What's needed is an exact copy of all the data below, without pictures.

[Spatial localization data]
= = = = =

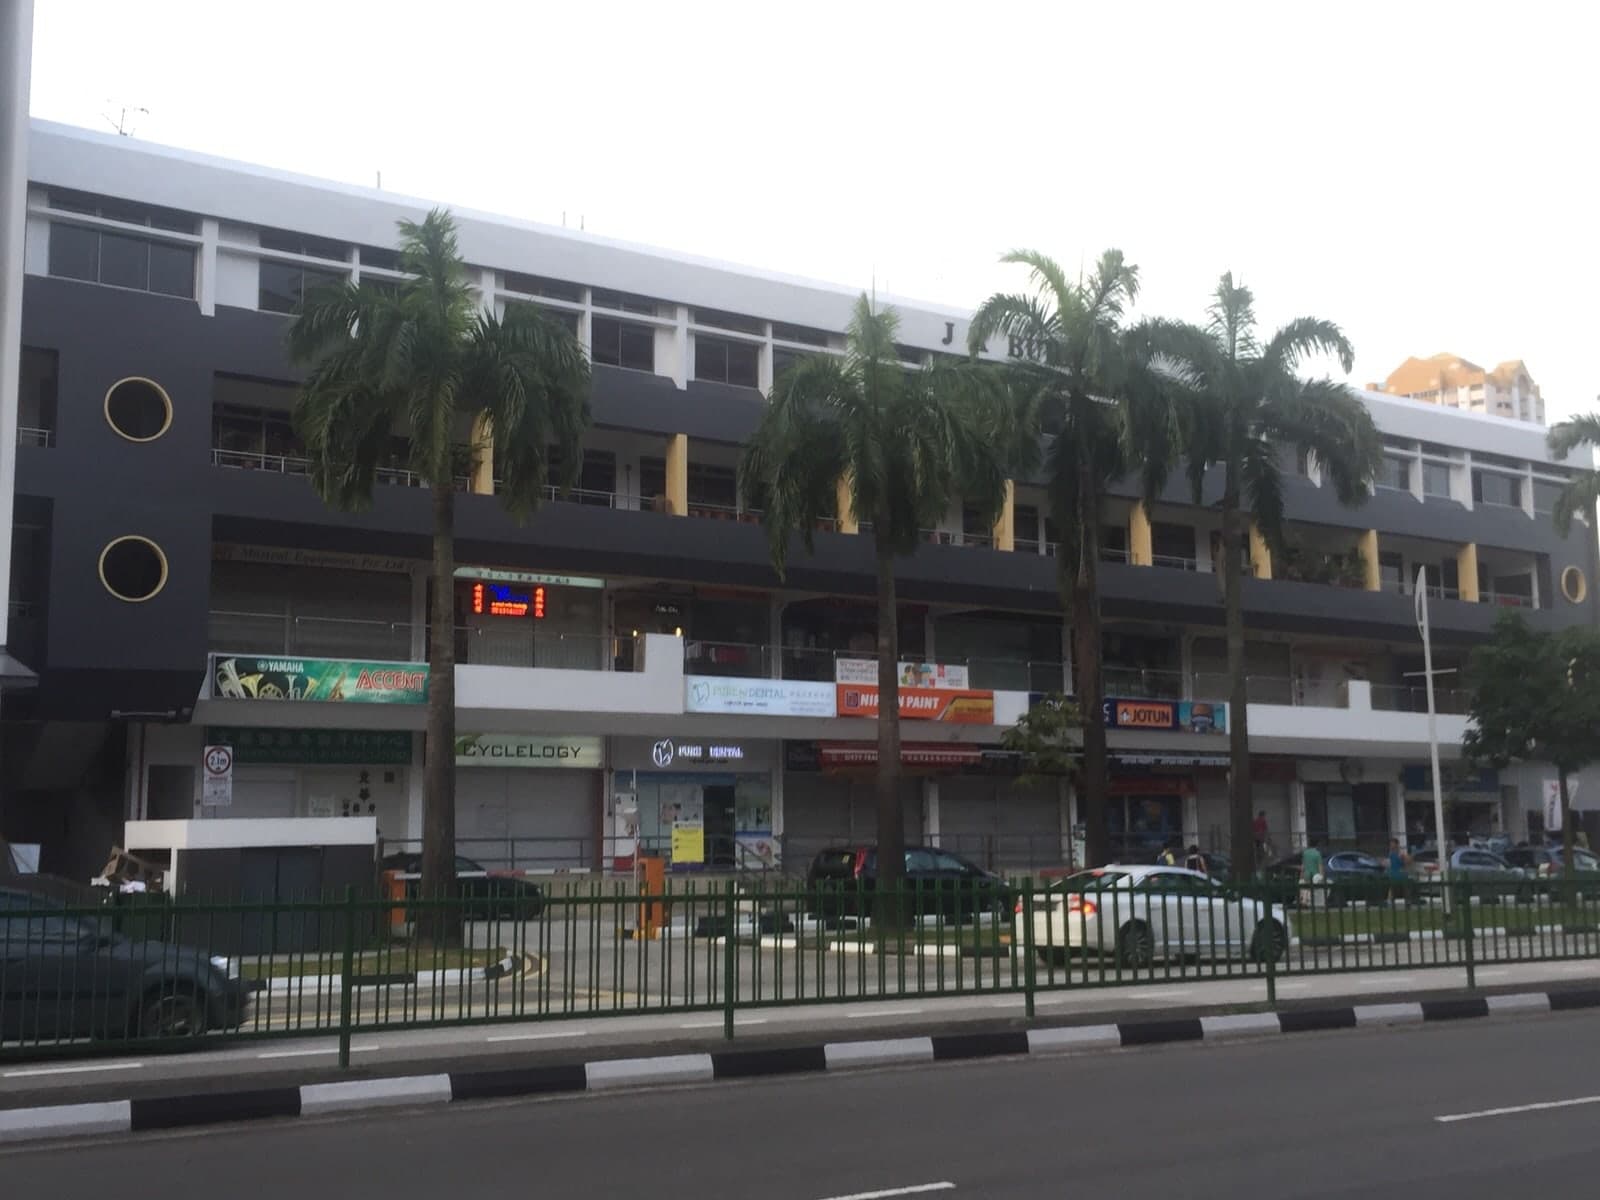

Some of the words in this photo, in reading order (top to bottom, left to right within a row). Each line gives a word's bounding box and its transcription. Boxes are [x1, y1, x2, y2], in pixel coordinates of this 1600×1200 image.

[942, 321, 955, 345] J
[268, 661, 304, 673] YAMAHA
[356, 669, 426, 690] ACCENT
[748, 688, 785, 700] DENTAL
[861, 693, 905, 708] NIPN
[906, 696, 940, 710] PAINT
[1132, 708, 1170, 724] JOTUN
[463, 744, 582, 759] CYCLELOGY
[210, 755, 228, 767] 2.1m

= = = = =

- _Task output_:
Some of the words in this photo, in reading order (top to bottom, left to right within a row). Each line gives a word's bounding box and its transcription. Boxes are [x1, y1, x2, y2], in pixel coordinates of this 1600×1200 image.

[942, 321, 955, 345] J
[268, 661, 304, 673] YAMAHA
[356, 669, 426, 690] ACCENT
[748, 688, 785, 700] DENTAL
[861, 693, 905, 708] NIPN
[906, 696, 940, 710] PAINT
[1132, 708, 1170, 724] JOTUN
[463, 744, 582, 759] CYCLELOGY
[210, 755, 228, 767] 2.1m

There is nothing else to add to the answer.